▶ _TASK_:
Counting from the line that holds "this 1445×1927 image.", return each line exactly, through and including the last line of the entries.
++++ DATA PROVIDED ++++
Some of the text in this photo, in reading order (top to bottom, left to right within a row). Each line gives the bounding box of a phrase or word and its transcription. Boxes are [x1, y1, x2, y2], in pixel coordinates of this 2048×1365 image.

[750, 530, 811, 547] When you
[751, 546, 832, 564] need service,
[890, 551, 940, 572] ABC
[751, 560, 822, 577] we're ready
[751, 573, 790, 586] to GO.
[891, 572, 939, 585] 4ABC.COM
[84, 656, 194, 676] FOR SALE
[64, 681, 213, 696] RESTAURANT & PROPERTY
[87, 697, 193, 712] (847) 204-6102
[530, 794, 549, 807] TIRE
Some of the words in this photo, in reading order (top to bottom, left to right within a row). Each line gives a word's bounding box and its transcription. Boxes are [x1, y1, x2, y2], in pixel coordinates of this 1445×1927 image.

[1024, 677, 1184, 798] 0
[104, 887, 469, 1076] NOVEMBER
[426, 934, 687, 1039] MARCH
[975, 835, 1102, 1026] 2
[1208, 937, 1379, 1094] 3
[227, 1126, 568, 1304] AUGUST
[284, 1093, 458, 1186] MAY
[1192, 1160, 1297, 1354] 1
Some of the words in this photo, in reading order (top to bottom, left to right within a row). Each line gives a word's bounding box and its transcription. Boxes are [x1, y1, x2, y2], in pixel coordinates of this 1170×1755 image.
++++
▶ _ANSWER FOR THE TASK_:
Some of the words in this photo, in reading order (top to bottom, left to right within a row). Each line gives a word's bounding box and its transcription. Boxes are [x1, y1, x2, y2], in pixel coordinates of this 1445×1927 image.

[1024, 677, 1184, 798] 0
[104, 887, 469, 1076] NOVEMBER
[426, 934, 687, 1039] MARCH
[975, 835, 1102, 1026] 2
[1208, 937, 1379, 1094] 3
[227, 1126, 568, 1304] AUGUST
[284, 1093, 458, 1186] MAY
[1192, 1160, 1297, 1354] 1
Some of the words in this photo, in reading order (top to bottom, left to right within a row). Each line gives a word's bounding box and its transcription. Boxes are [x1, y1, x2, y2], in pixel coordinates of this 1170×1755 image.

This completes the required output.